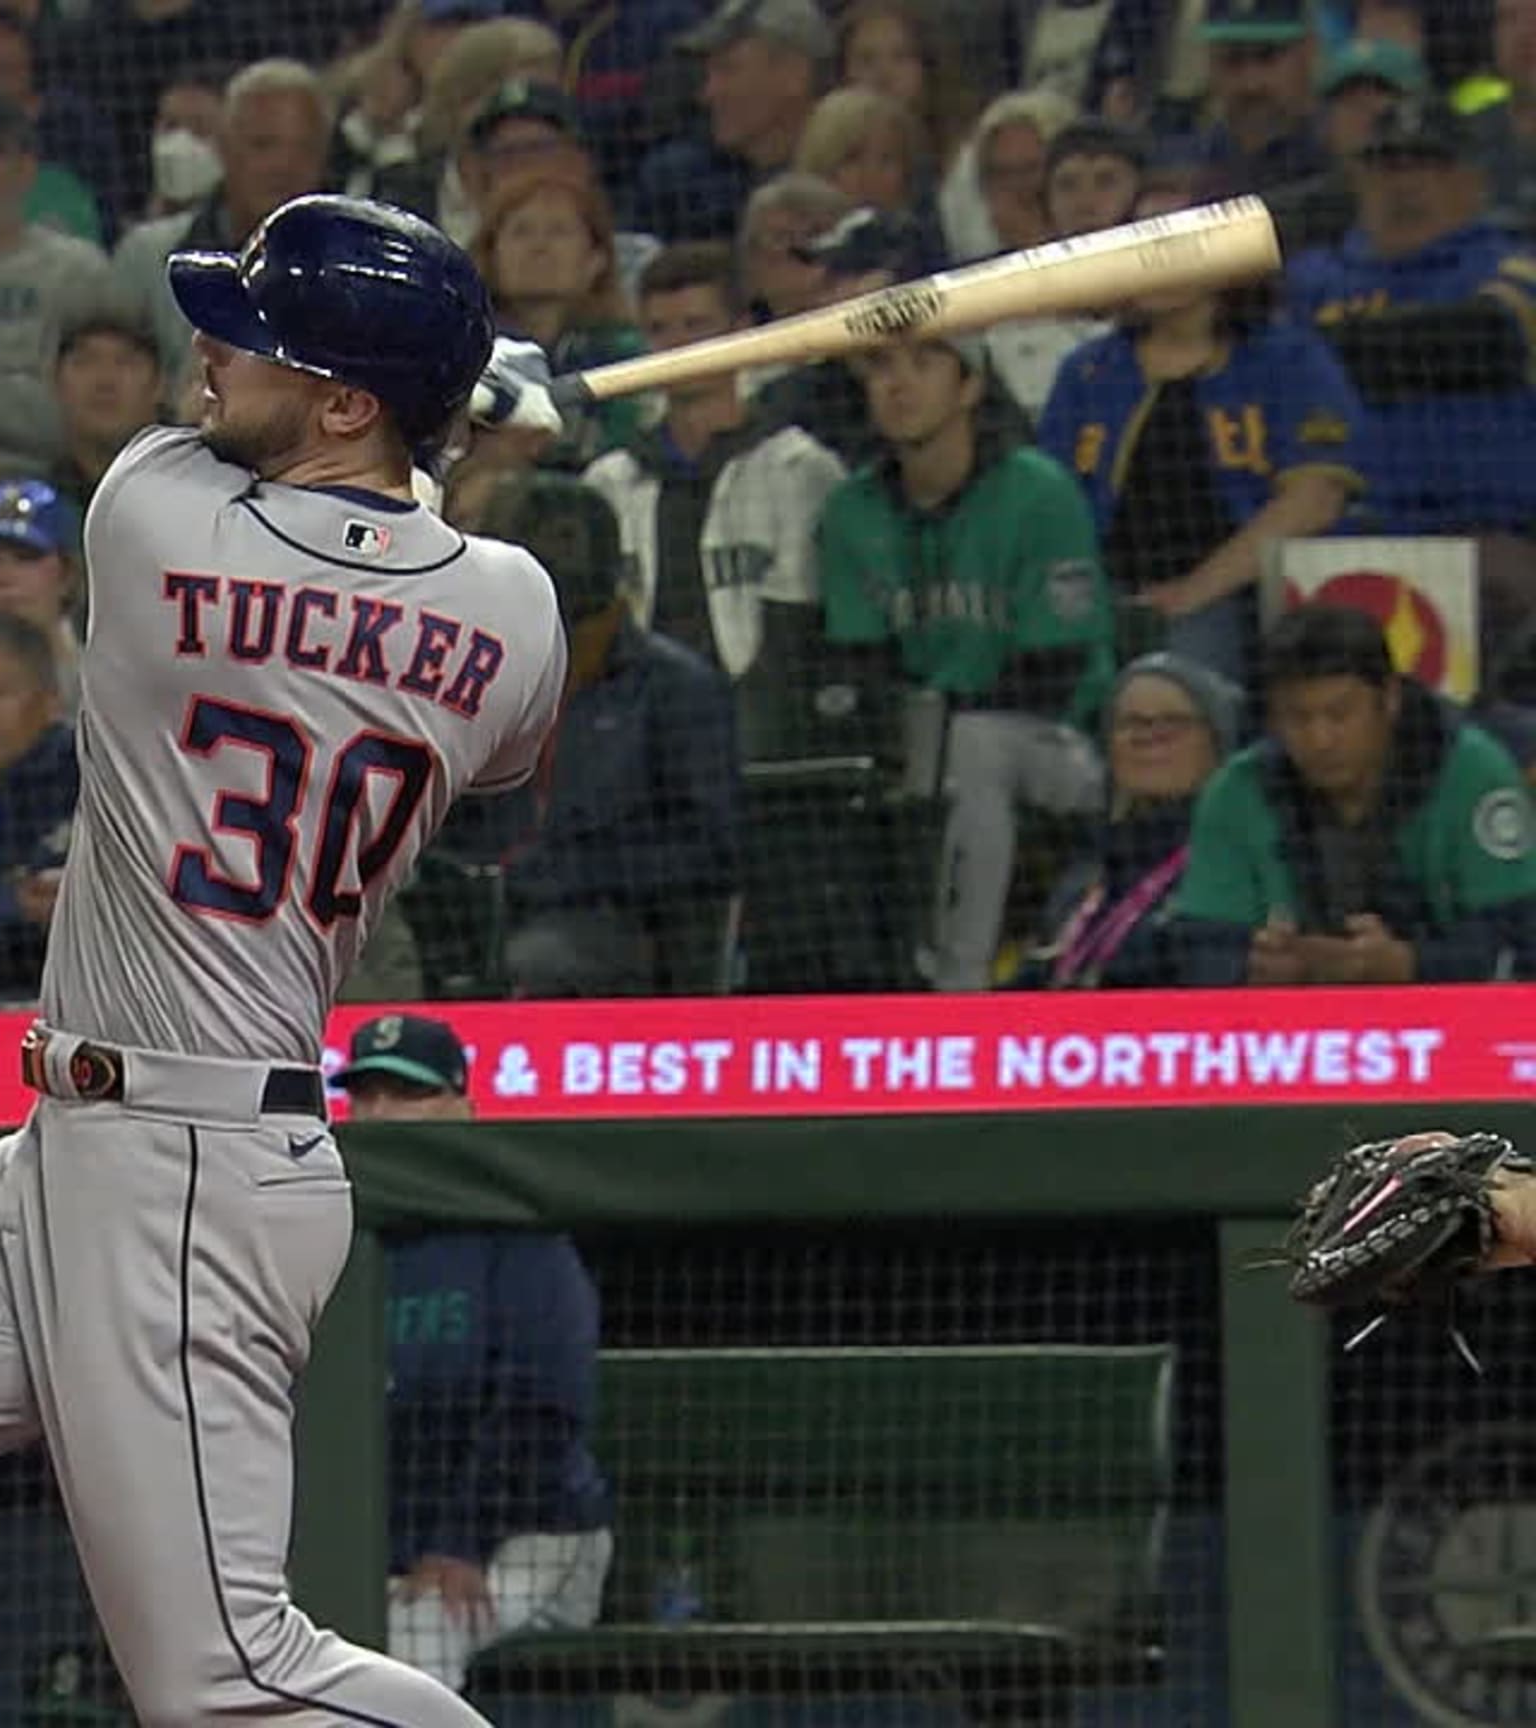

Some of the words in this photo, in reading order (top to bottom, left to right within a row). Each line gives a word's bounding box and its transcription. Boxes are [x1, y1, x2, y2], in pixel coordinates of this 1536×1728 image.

[163, 571, 506, 722] TUCKER
[168, 692, 434, 935] 30
[494, 1043, 539, 1096] &
[564, 1038, 734, 1095] BEST
[751, 1037, 823, 1092] IN
[841, 1035, 978, 1091] THE
[996, 1028, 1444, 1089] NORTHWEST
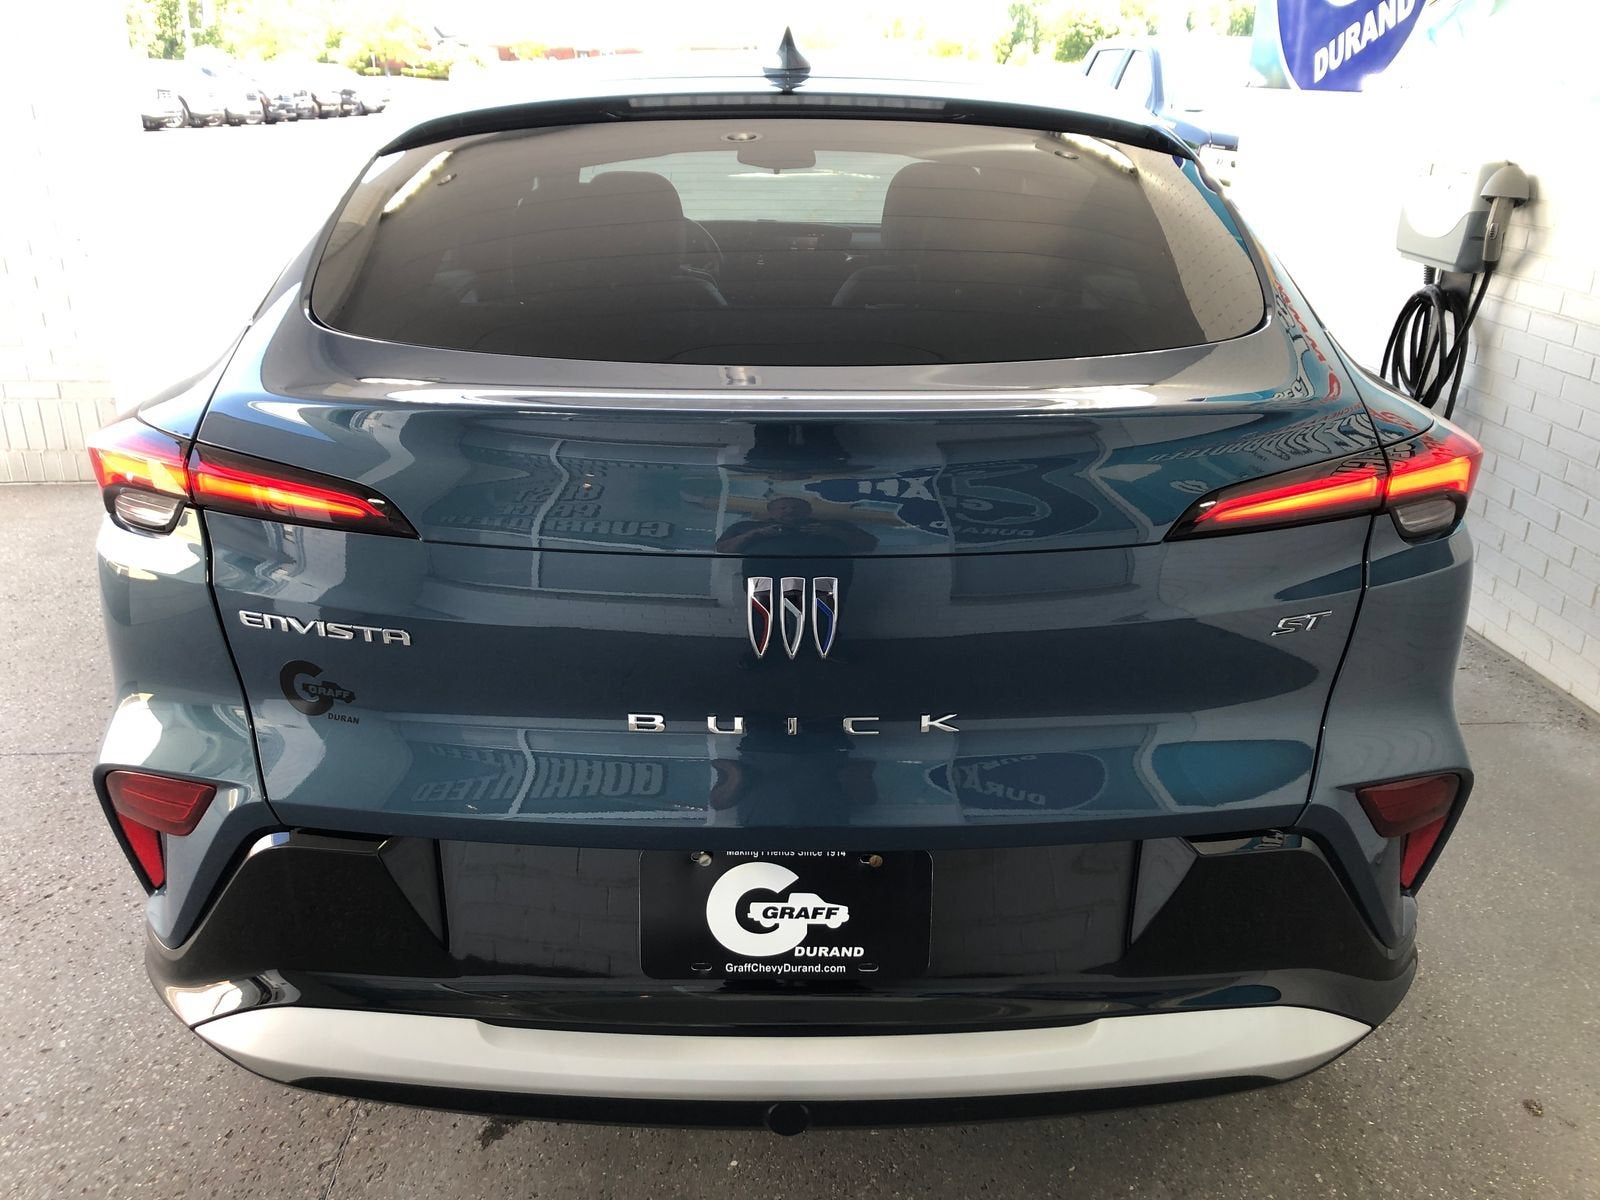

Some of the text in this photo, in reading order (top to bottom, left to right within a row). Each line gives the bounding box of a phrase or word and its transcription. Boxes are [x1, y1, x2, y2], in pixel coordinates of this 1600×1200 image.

* * * * * * *

In the copy, include every line of the entries above exactly and none of the pictures.

Some of the words in this photo, in reading order (top to bottom, left to right within a row). Each line gives a word's bounding box and its transcription. Boxes are [x1, y1, x2, y2], in pixel coordinates of this 1536×1728 image.

[163, 571, 506, 722] TUCKER
[168, 692, 434, 935] 30
[494, 1043, 539, 1096] &
[564, 1038, 734, 1095] BEST
[751, 1037, 823, 1092] IN
[841, 1035, 978, 1091] THE
[996, 1028, 1444, 1089] NORTHWEST

Some of the text in this photo, in reading order (top to bottom, left to right within a row). Each line gives the bounding box of a phrase or word and its transcription. Boxes are [x1, y1, x2, y2], in pixel coordinates of this 1600×1200 image.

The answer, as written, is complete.